Sodium-glucose cotransporter-2 inhibitors (SGLT-2is) show cardiovascular protective effects, regardless of the patient's history of diabetes mellitus (DM). SGLT2is suppressed cardiovascular adverse events in patients with type 2 DM, and furthermore, SGLT-2is reduced the risk of worsening heart failure (HF) events or cardiovascular death in patients with HF. Along with these research findings, SGLT-2is are recommended for patients with HF in the latest guidelines. Despite these benefits, the concern surrounding the increasing risk of body weight loss and other adverse events has not yet been resolved, especially for patients with sarcopenia or frailty. The DAPA-HF and DELIVER trials consistently showed the efficacy and safety of SGLT-2i for HF patients with frailty. However, the Rockwood frailty index that derived from a cumulative deficit model was employed for frailty assessment in these trials, which might not be suitable for the evaluation of physical frailty or sarcopenia alone. There is no fixed consensus on which evaluation tool to use or its cutoff value for the diagnosis and assessment of frailty in HF patients, or which patients can receive SGLT-2i safely. In this review, we summarize the methodology of frailty assessment and discuss the efficacy and safety of SGLT-2i for HF patients with sarcopenia or frailty.

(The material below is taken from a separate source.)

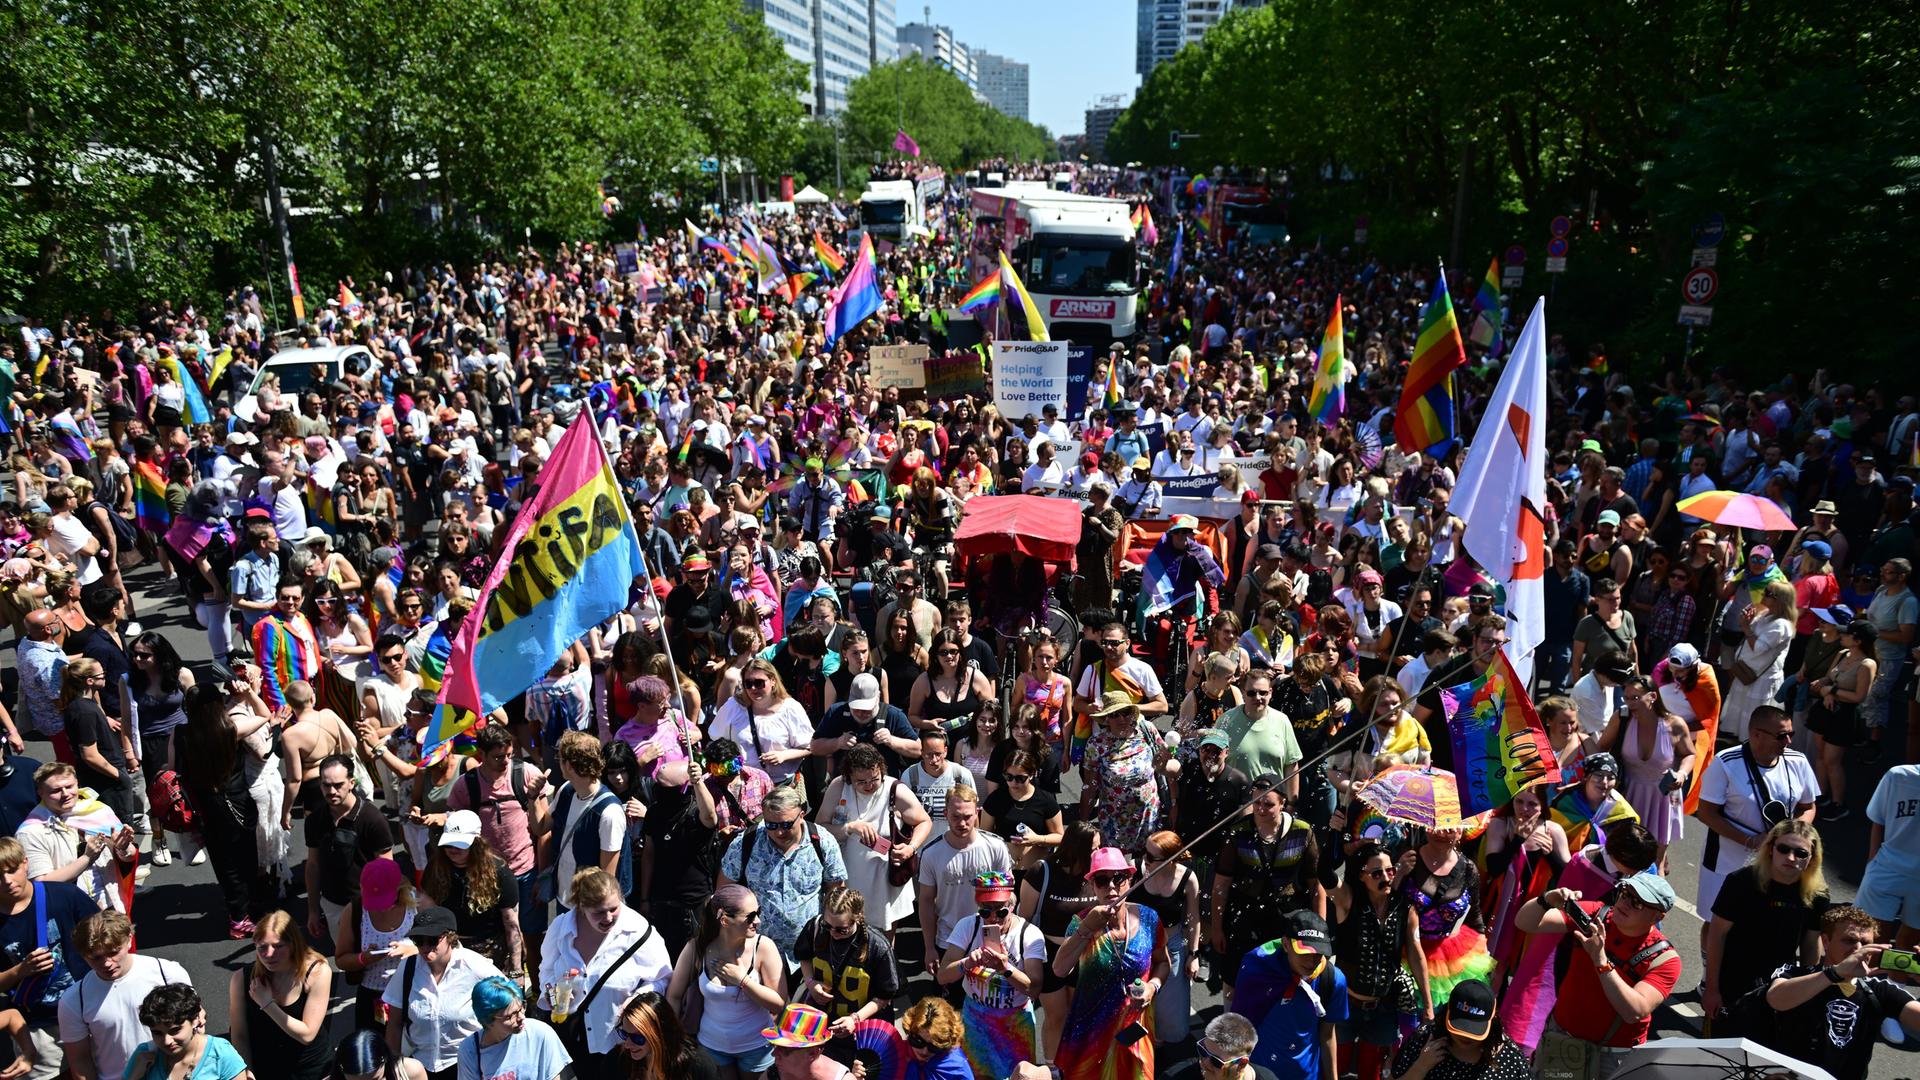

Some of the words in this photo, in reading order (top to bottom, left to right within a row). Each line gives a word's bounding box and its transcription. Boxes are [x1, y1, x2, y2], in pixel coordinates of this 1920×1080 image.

钠-葡萄糖协同转运蛋白2抑制剂(SGLT-2i)显示出心血管保护作用,无论患者有无糖尿病(DM)病史。SGLT-2i可抑制2型糖尿病患者的心血管不良事件,此外,SGLT-2i还可降低心力衰竭(HF)患者发生心力衰竭恶化事件或心血管死亡的风险。基于这些研究结果,最新指南推荐SGLT-2i用于HF患者。尽管有这些益处,但体重减轻及其他不良事件风险增加的问题仍未得到解决,尤其是对于肌肉减少症或身体虚弱的患者。DAPA-HF和DELIVER试验一致显示了SGLT-2i对身体虚弱的HF患者的疗效和安全性。然而,这些试验中使用的基于累积缺陷模型得出的Rockwood虚弱指数用于虚弱评估,可能并不适合单独评估身体虚弱或肌肉减少症。对于HF患者虚弱的诊断和评估使用何种评估工具及其临界值,或者哪些患者可以安全使用SGLT-2i,目前尚无固定的共识。在本综述中,我们总结了虚弱评估方法,并讨论了SGLT-2i对合并肌肉减少症或身体虚弱的HF患者的疗效和安全性。